Groves Dance Academy: Where technique meets tradition
This is where the serious students tend to land. Groves Dance Academy runs cumbia classes across multiple levels, and their instructors don't just teach footwork — they explain why the movements exist. One teacher I spoke with traced the cumbia's circular motion back to the shackles worn by enslaved Africans in Colombia. That historical weight gives every step a little more meaning.
The studio itself is spacious. Wide floors, good lighting, mirrors on every wall. If you've ever tried learning choreography in a cramped room with fifteen other people bumping elbows, you'll appreciate the breathing room here.
They offer both group sessions and workshops that focus on specific skills — like mastering the cumbia zapateada footwork or learning to lead and follow without verbal cues. Pricing sits in the mid-range for the area, and they'll let you drop in on a class before committing.

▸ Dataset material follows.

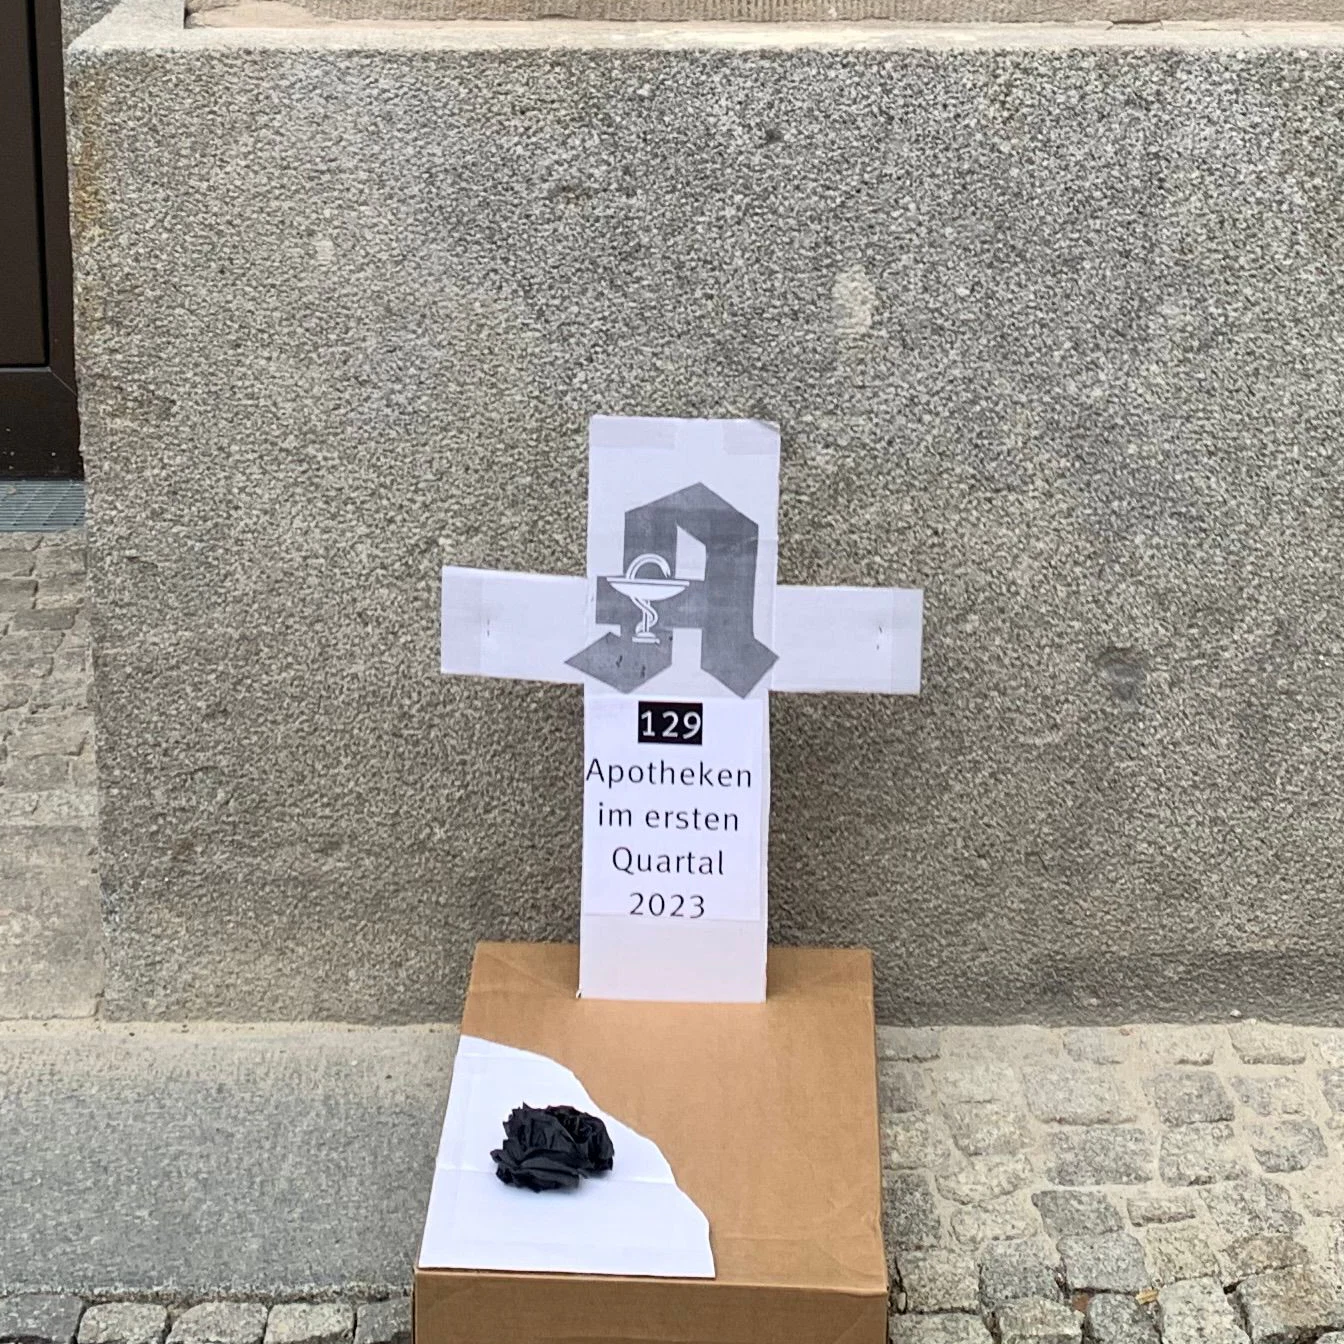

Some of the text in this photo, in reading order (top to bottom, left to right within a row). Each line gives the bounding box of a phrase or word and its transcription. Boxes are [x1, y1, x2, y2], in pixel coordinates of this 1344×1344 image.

Tropical Rhythms: The social butterfly's paradise
Tropical Rhythms feels less like a school and more like a neighborhood hangout that happens to have incredible instructors. The vibe is warm and unpretentious. I watched a Saturday afternoon class where couples practiced alongside solo dancers, and everyone swapped partners every few minutes. No cliques, no attitude.
What makes this place stand out is their calendar. They host dance socials roughly twice a month — think live DJs, dimmed lights, and a floor full of people actually using what they've learned. It's one thing to nail a cumbia turn in a classroom. It's another to execute it while a real crowd swirls around you and the bass is rattling your ribcage.
Families love it here too. They run parent-kid sessions on Sunday mornings that are chaotic in the best possible way.
Latin Vibes: For those who want to go deep
Latin Vibes attracts a different crowd — people who aren't content with just learning the basics. Their cumbia curriculum is structured almost like a university program. You progress through levels, and each one introduces more complex timing, body isolations, and partner work.
The instructors here have competition backgrounds. One had danced professionally in Medellín before relocating to South Florida, and her classes carry that authentic Colombian flavor that's hard to replicate. She doesn't just demonstrate — she breaks down the feeling behind each movement. "Your hips should respond to the drum, not your brain," she told a class I observed. The room laughed, but everyone's hips loosened up immediately.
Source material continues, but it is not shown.